### Your task:
Copy exactly the lines from the one containing "this 1600×1200 image." through the last line of the records below, including both, and leave out any pictures.

(Dataset records begins)

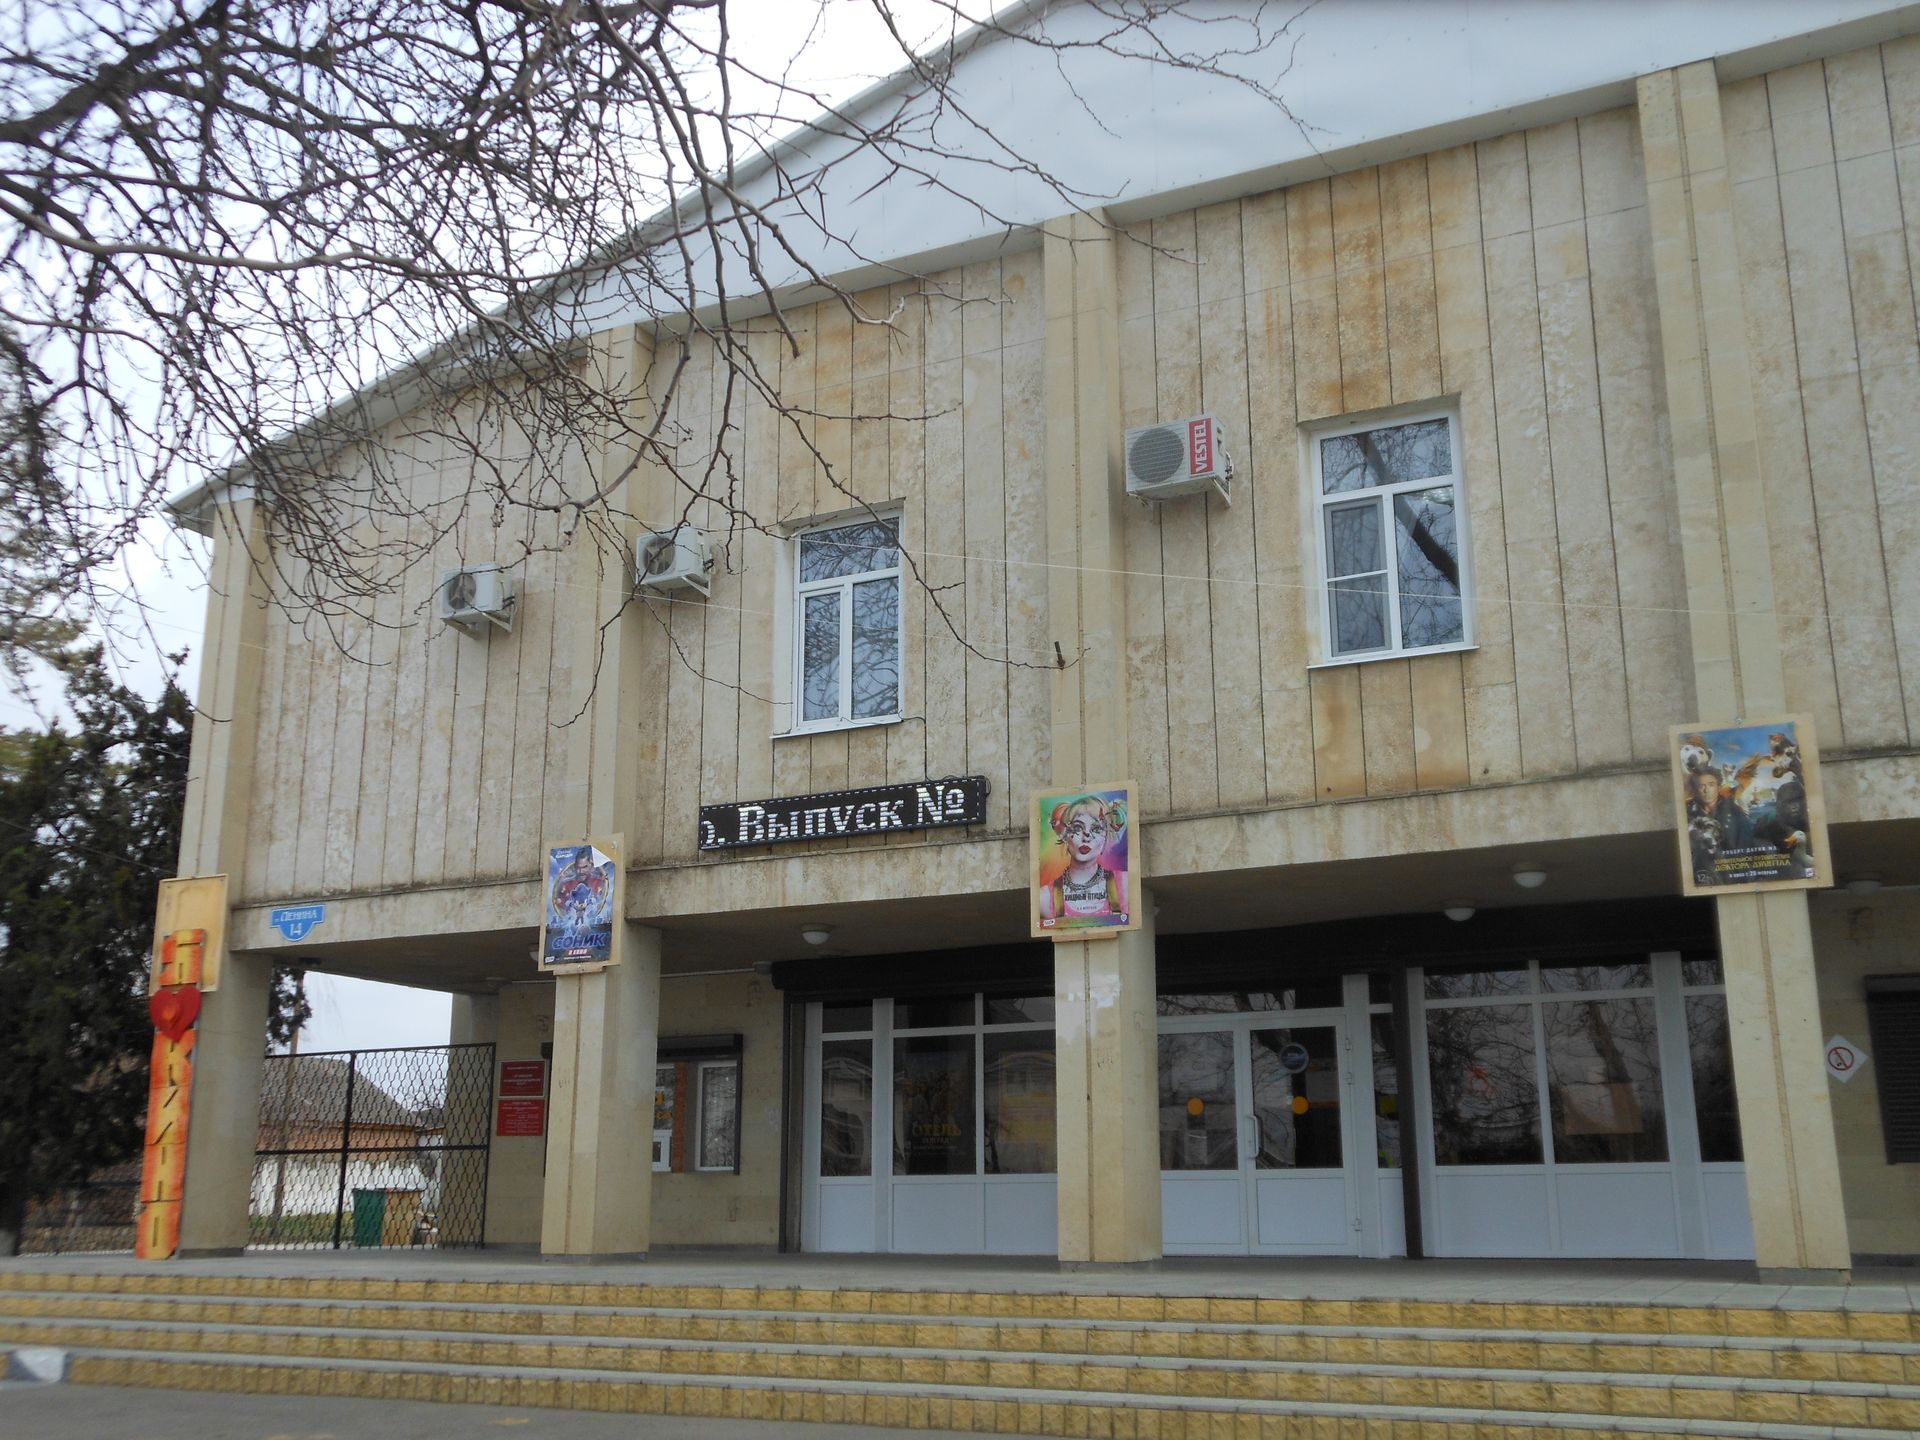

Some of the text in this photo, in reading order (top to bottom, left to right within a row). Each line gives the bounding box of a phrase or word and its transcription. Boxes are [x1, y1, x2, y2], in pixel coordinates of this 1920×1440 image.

[1194, 420, 1208, 472] VESTEL
[738, 798, 905, 841] Выпуск
[916, 785, 966, 824] №
[289, 922, 302, 936] 14
[552, 933, 606, 949] СОНИК
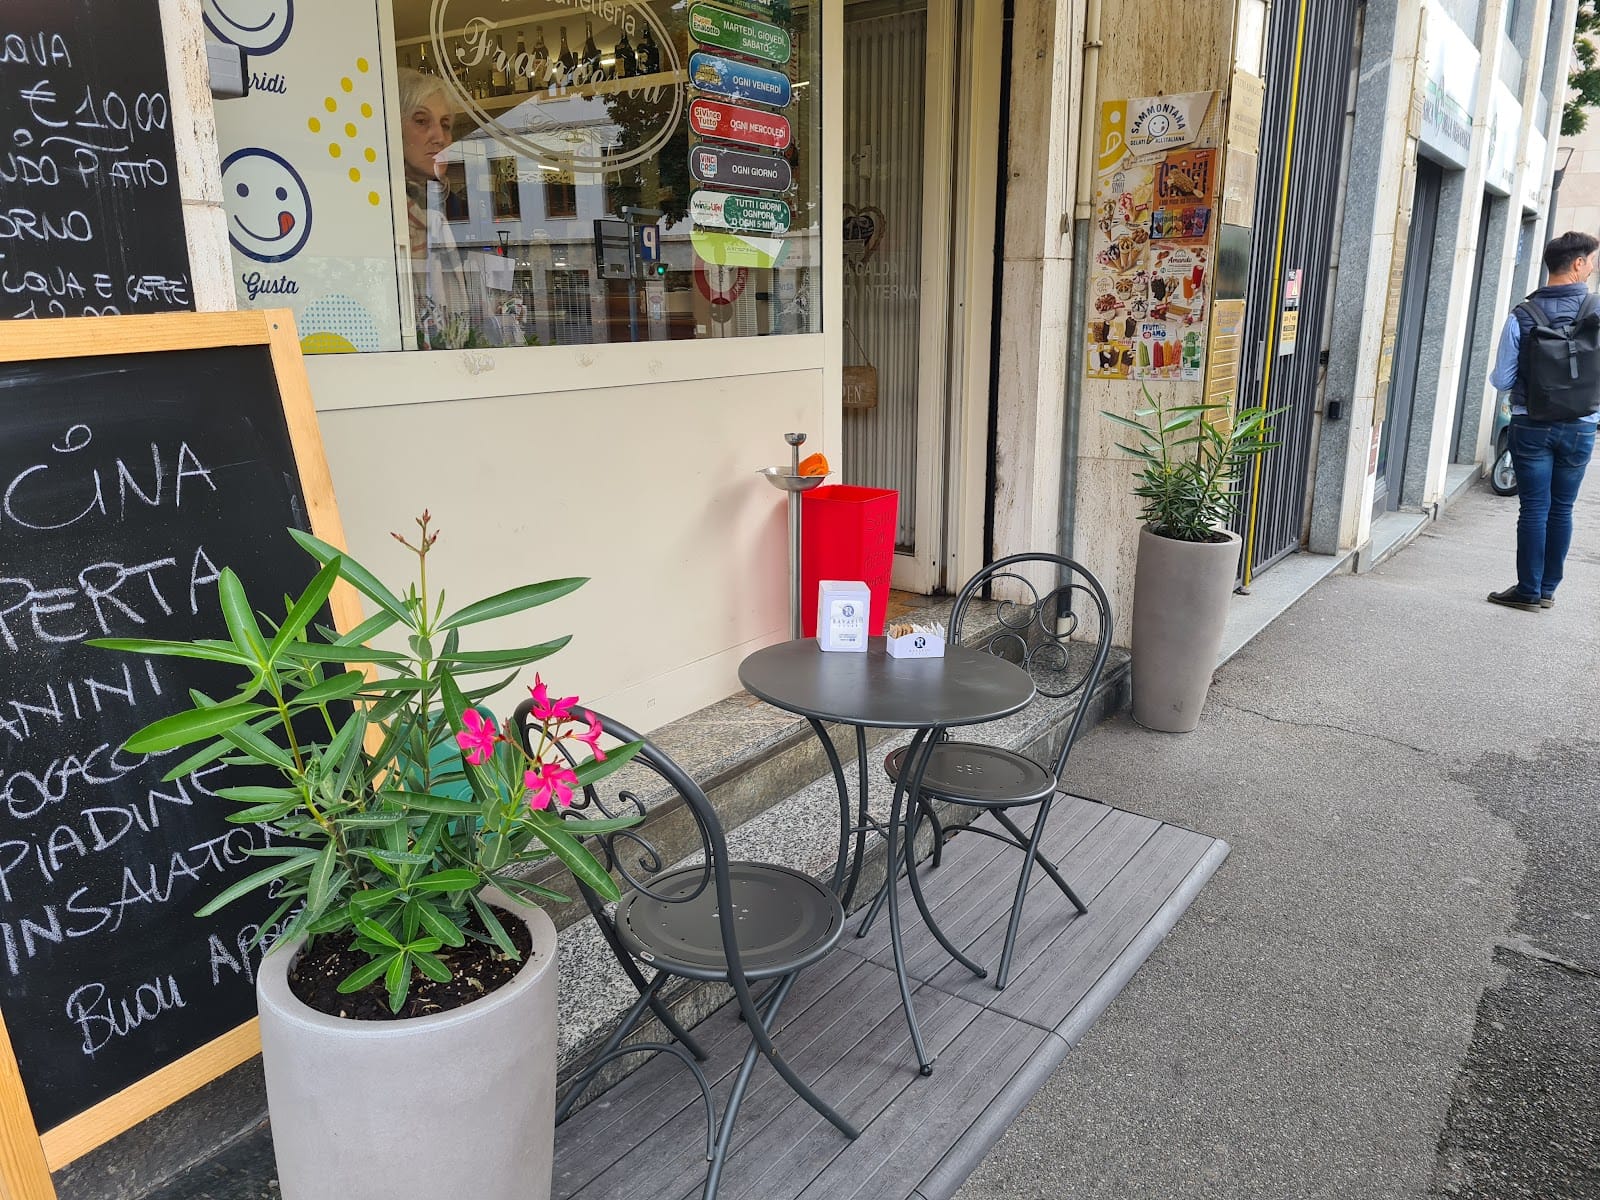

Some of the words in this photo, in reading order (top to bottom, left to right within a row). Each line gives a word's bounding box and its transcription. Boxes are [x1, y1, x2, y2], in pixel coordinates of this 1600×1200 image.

[248, 72, 287, 94] ridi
[732, 75, 751, 88] OGNI
[1131, 103, 1186, 134] SAMMONTANA
[730, 119, 748, 133] OGNI
[732, 165, 750, 175] OGNI
[751, 166, 778, 179] GIORNO
[736, 199, 754, 209] TUTTI
[759, 201, 782, 212] GIORNI
[242, 272, 299, 300] Gusta
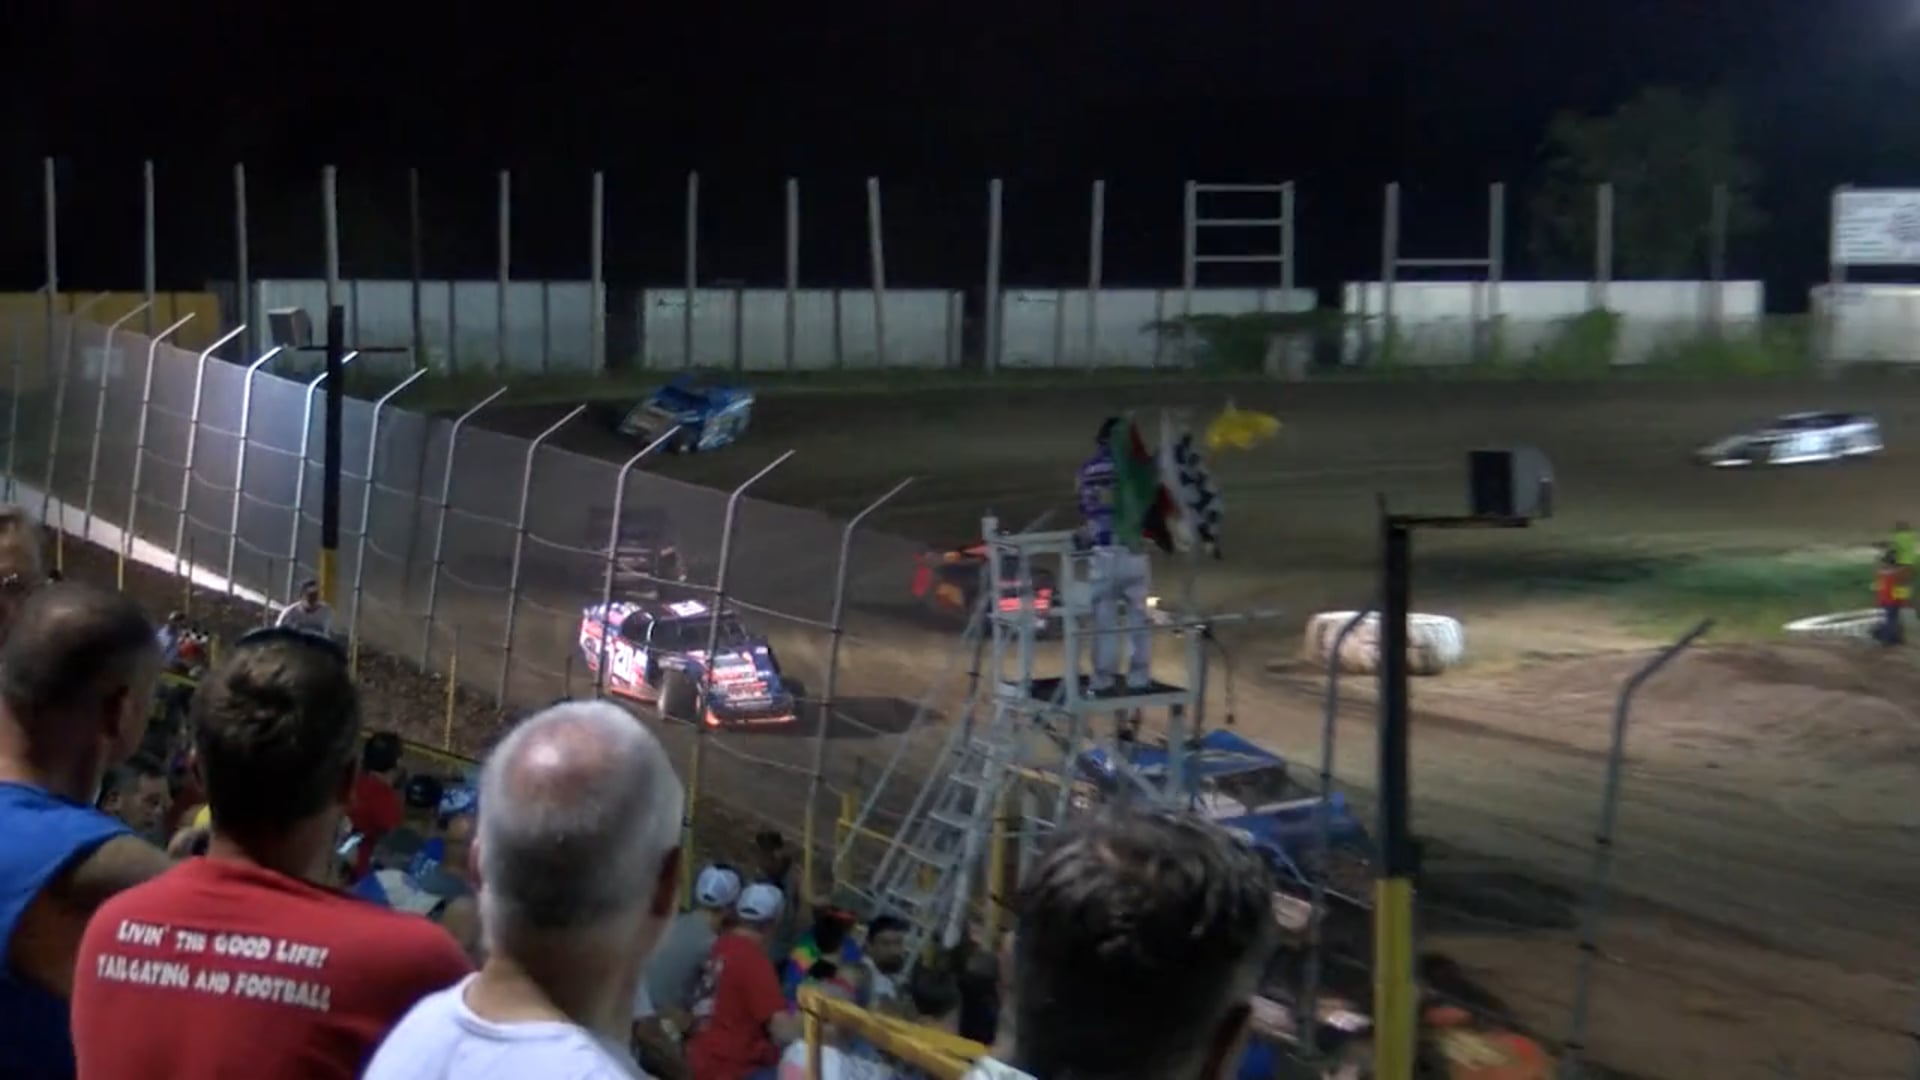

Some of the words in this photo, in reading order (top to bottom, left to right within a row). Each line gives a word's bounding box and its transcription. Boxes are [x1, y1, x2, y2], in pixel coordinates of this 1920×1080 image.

[117, 920, 171, 947] LIVIN'
[176, 930, 208, 953] THE
[215, 933, 272, 961] GOOD
[276, 939, 329, 968] LIFE!
[97, 954, 190, 988] TAILGATING
[194, 970, 231, 995] AND
[235, 972, 331, 1012] FOOTBALL

(Dataset records ends)

### Reply to the task:
Some of the words in this photo, in reading order (top to bottom, left to right within a row). Each line gives a word's bounding box and its transcription. Boxes are [x1, y1, x2, y2], in pixel coordinates of this 1600×1200 image.

[248, 72, 287, 94] ridi
[732, 75, 751, 88] OGNI
[1131, 103, 1186, 134] SAMMONTANA
[730, 119, 748, 133] OGNI
[732, 165, 750, 175] OGNI
[751, 166, 778, 179] GIORNO
[736, 199, 754, 209] TUTTI
[759, 201, 782, 212] GIORNI
[242, 272, 299, 300] Gusta

Some of the words in this photo, in reading order (top to bottom, left to right within a row). Each line gives a word's bounding box and its transcription. Boxes are [x1, y1, x2, y2], in pixel coordinates of this 1920×1080 image.

[117, 920, 171, 947] LIVIN'
[176, 930, 208, 953] THE
[215, 933, 272, 961] GOOD
[276, 939, 329, 968] LIFE!
[97, 954, 190, 988] TAILGATING
[194, 970, 231, 995] AND
[235, 972, 331, 1012] FOOTBALL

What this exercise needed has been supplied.